Leaving Canada can trigger an array of tax consequences. On
departure, almost all of your personal property will be considered
to be disposed of at its fair market value. This triggers capital
gains tax even if you do not sell the property or investment and
continue to hold it after you leave Canada. Further, if you
purchased a home in Canada and used your Home Buyers Plan to fund
the purchase, the remaining balance due would have to be repaid to
your RRSP within 60 days of your departure or earlier.

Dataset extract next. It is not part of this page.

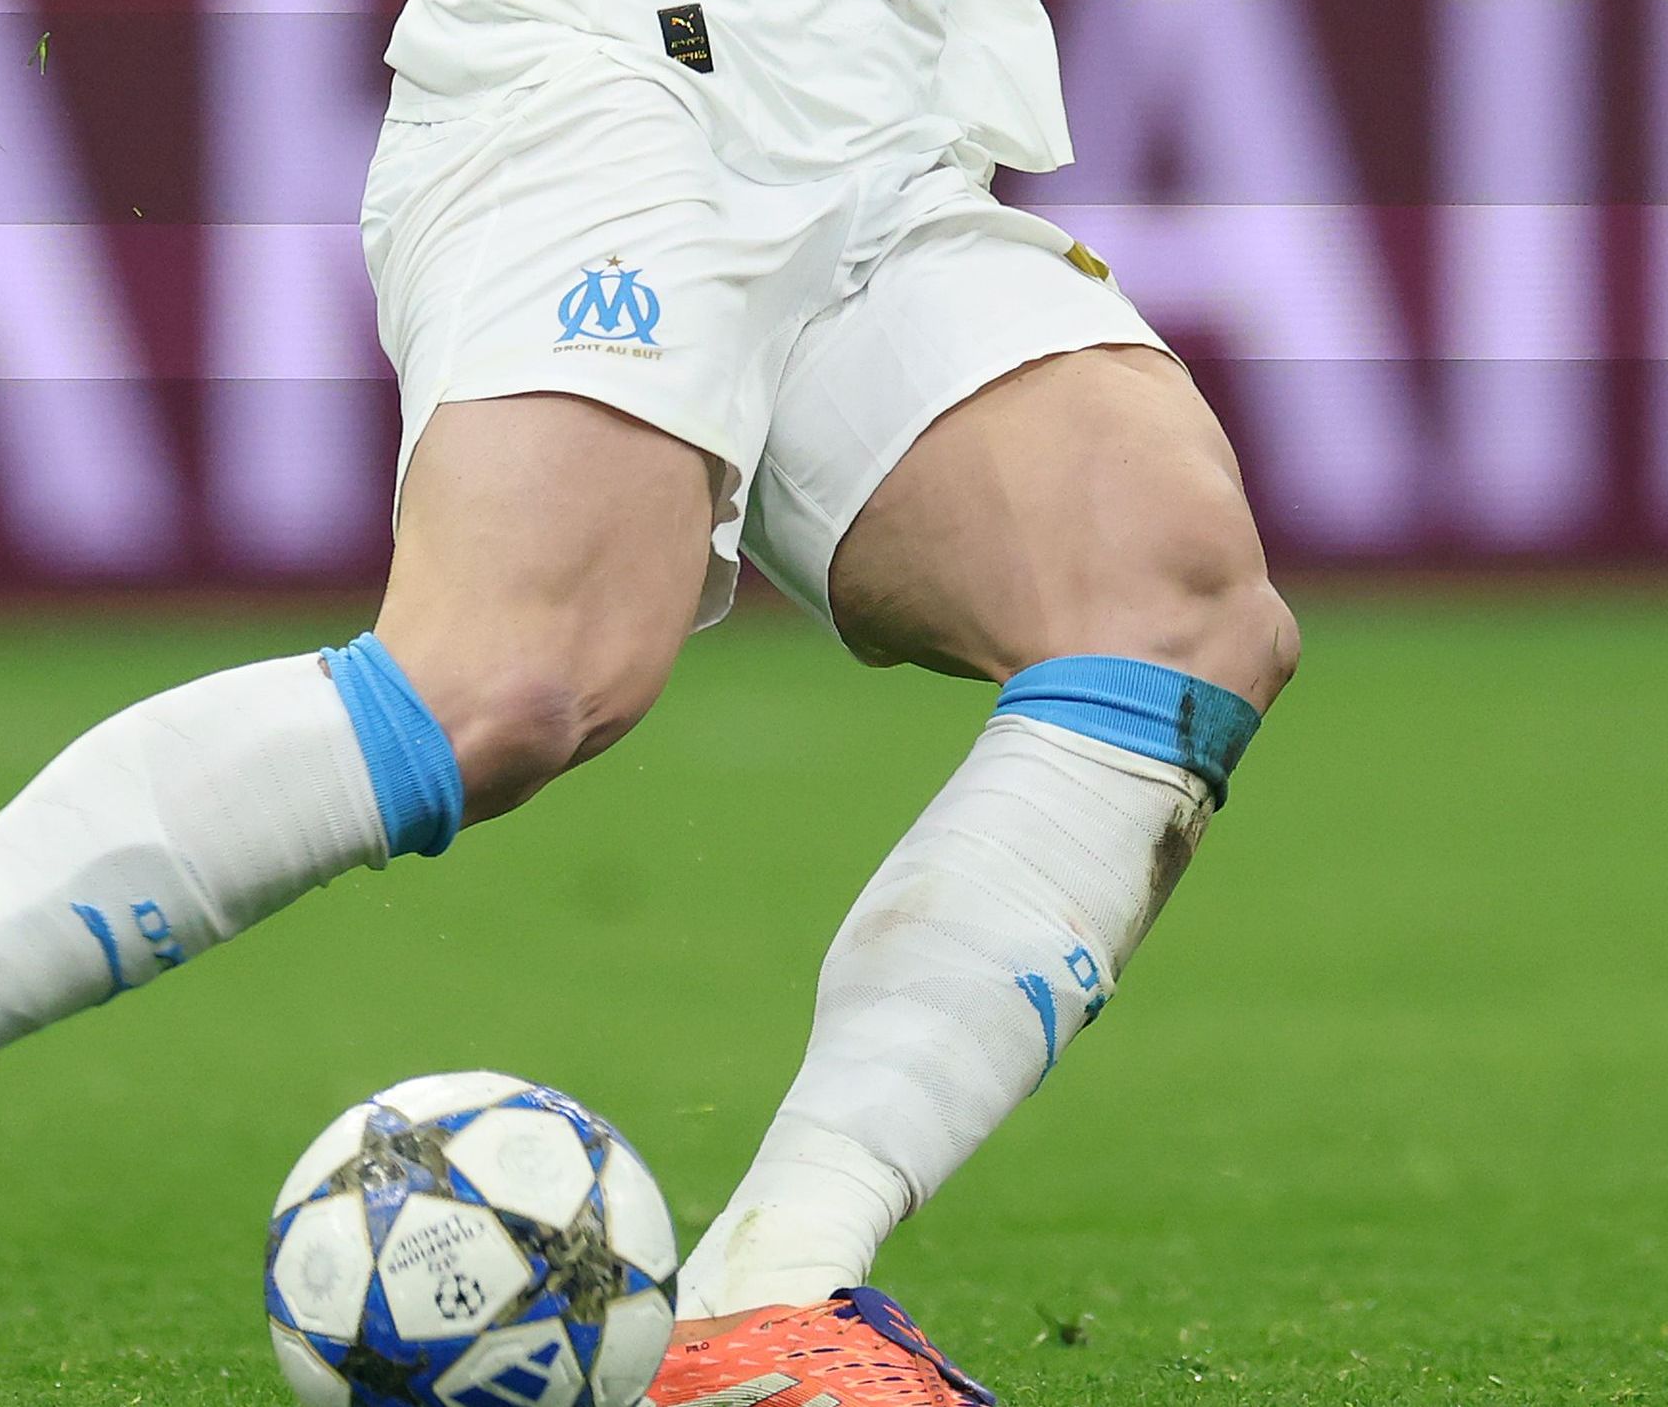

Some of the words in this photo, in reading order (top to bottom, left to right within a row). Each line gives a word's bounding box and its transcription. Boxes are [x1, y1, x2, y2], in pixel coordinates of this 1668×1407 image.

[552, 344, 601, 353] DROIT
[605, 345, 627, 355] AU
[632, 349, 663, 360] BUT

The decision to apply for a green card should not be taken
lightly. The onerous tax consequences as a result of obtaining a
green card may outweigh the benefits. Once you obtain your green
card not only may you be subjecting yourself to unintended tax
consequences, but relinquishing it may lead to further tax
obligations to the IRS.
There may be better options for Canadians playing on U.S. teams
such as various types of work visas. The decision to move forward
and obtain a green card should consider your current circumstances,
plans, and tax consequences for not only yourself but also your
immediate family members.
An examination of all the factors should be undertaken with your
tax and legal advisors prior to making the decision so that the
future consequences are well understood and in your best
JEFFREY STEINBERG is a partner in the Audit
& Advisory Group and established the firm's Sports &
Entertainment Group. Jeffrey deals with Canadian, American and
International clients handling a variety of issues including tax
compliance and filing, cross-border and residency planning,
investment review and due diligence.
The content of this article is intended to provide a general
guide to the subject matter. Specialist advice should be sought
about your specific circumstances.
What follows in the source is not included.